Макс сухо кивнул и нырнул в плотный сумрак. Провожатый не последовал за ним: дважды стукнул по корпусу, давая знать вознице, что можно трогаться, затем, судя по спружинившим рессорам, вскочил на подножку сзади. Лошади фыркнули и тронулись с места, забрав на перекрестке левее, в сторону тихого квартала, сплошь состоящего из дорогих особняков аристократов. Что ж, по всей видимости, канцлеру не терпелось обсудить ряд нюансов так же, как и самому Штрогге.
***
Его проводили к черному входу, как и всегда. Дверь в кабинет Глосси оказалась приоткрыта, узкая полоска света падала на верхние ступеньки винтовой лестницы, ловко спрятанной в середине, казалось бы, декоративной башни особняка канцлера. Макс задержался на мгновение, вбирая свет скорее по привычке, чем от необходимости. Мало ли, с кем еще предстоит встретиться сегодня, незачем вновь давать повод для слухов.

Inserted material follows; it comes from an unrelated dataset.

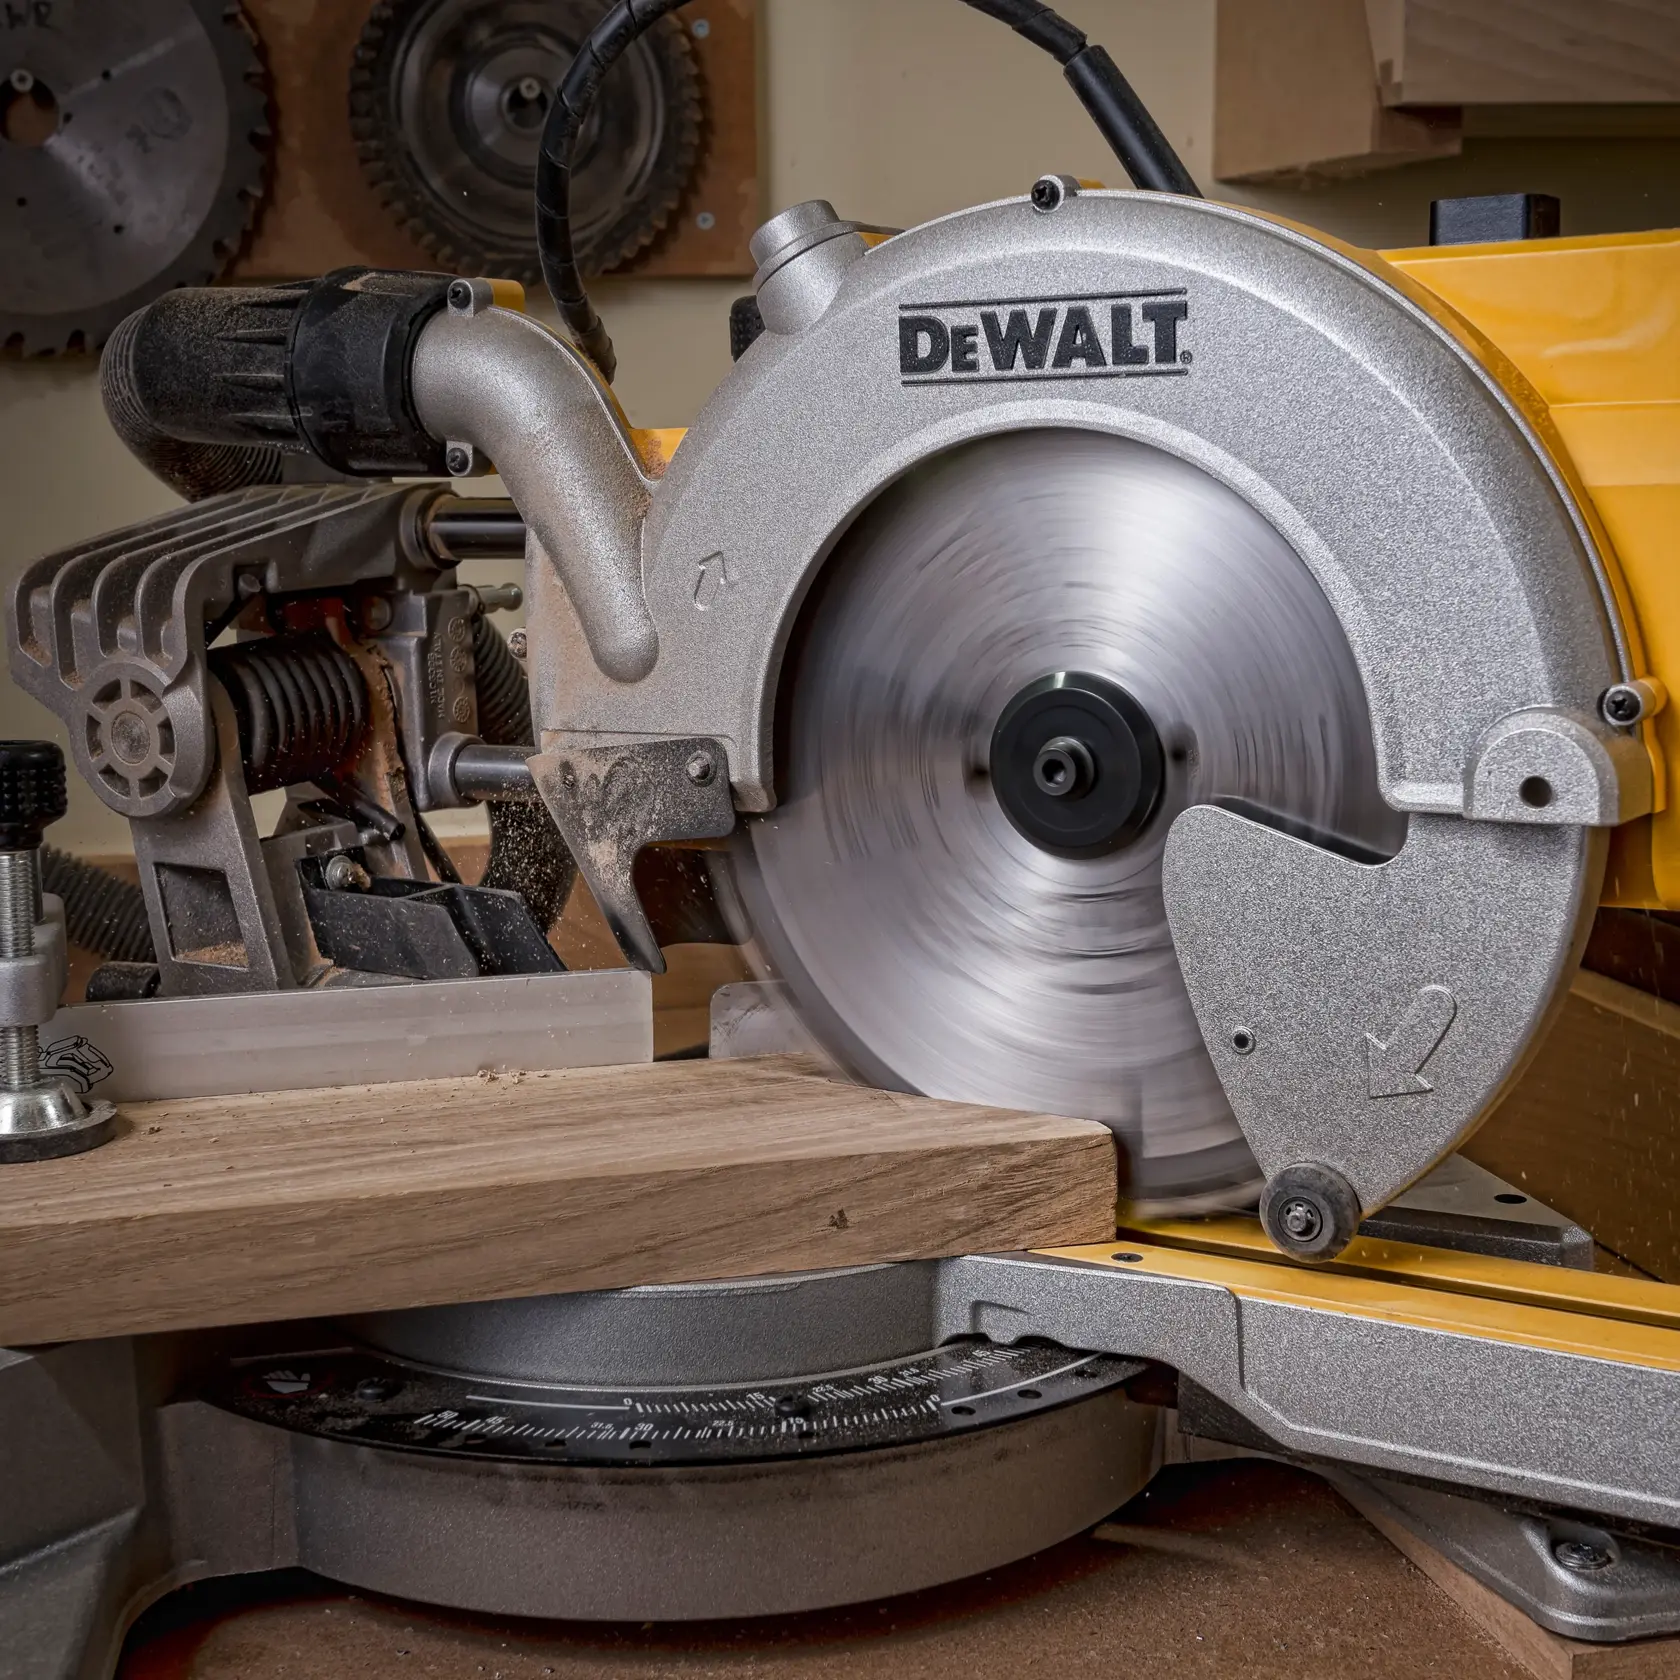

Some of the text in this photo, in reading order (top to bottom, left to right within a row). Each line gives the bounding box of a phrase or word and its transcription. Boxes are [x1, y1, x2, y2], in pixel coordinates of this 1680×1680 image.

Он кашлянул, чтобы предупредить о своем приходе, и шагнул в комнату.
Однако Глосси оказался там не просто не один.
Прямо напротив потайной двери, опираясь локтями о столешницу рабочего стола, лежала служанка. Юбка её форменного платья была задрана до талии, полная округлая грудь, высвобожденная из расстегнутого корсета и распахнутой блузы, ритмично вздрагивала в такт движениям канцлера, удобно разместившегося между её раздвинутых ног. А с другой стороны, на тахте под самым окном, сидел еще один мужчина. Он был молод, строен, одет роскошно, но как-то неряшливо. Темные вьющиеся волосы были стянуты на затылке атласной летной, но казались слишком сальными, а лишенный даже намека на бороду подбородок подчеркивал и без того слишком женственные черты лица. Мужчина неторопливо цедил из бокала вино, наслаждаясь развернувшимся действом, и не обратил на Макса никакого внимания.

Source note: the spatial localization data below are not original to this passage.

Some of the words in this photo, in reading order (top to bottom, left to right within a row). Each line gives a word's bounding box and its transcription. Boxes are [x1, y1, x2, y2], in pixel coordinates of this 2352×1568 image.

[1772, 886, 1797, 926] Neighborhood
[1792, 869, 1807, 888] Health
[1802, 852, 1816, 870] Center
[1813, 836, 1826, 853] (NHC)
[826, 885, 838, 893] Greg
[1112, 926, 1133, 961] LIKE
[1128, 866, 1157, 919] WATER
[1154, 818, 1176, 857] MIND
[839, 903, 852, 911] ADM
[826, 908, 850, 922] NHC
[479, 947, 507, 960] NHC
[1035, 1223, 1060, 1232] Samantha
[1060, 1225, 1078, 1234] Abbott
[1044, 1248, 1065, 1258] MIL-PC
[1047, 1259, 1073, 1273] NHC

— А, мэтр! Спасибо… что… пришли, — тяжело прохрипел канцлер, продолжая вбиваться в девушку. Одной рукой он ухватил её грудь и с силой сжал, потом нащупал сосок и резко выкрутил его. Девушка пискнула, но тут же прикусила ребро собственной ладони, чтобы не застонать. — О-о-о, — протянул явно удовлетворенный канцлер и повторил действие, — да, малышка, хорошо, только не шуми.
Штрогге отметил ухмылку на смазливом лице зрителя: ему нравился спектакль, и он, кажется, даже не собирался это скрывать.
— Вы… немного… рано, — Глосси не прервался ни на миг. — Подождите, я скоро освобожусь. Она такая славная и отзывчивая… О, если бы вы только захотели попробовать…
Щеки и уши девушки стали пунцовыми от стыда, но вырываться или спорить она не посмела. Макс бесстрастно, с профессиональной отстраненностью, отметил, что на её груди уже проступают следы мужских пальцев. К утру они неизбежно наполнятся синевой и превратятся в довольно болезненные кровоподтеки. Девчонке придется постараться, чтобы скрыть их от посторонних взглядов. Хозяйка вряд ли узнает: рубашки служанок всегда застегивались под самый ворот, а вот коллеги-горничные могут заметить и донести, тогда вопросов и проблем точно не оберешься.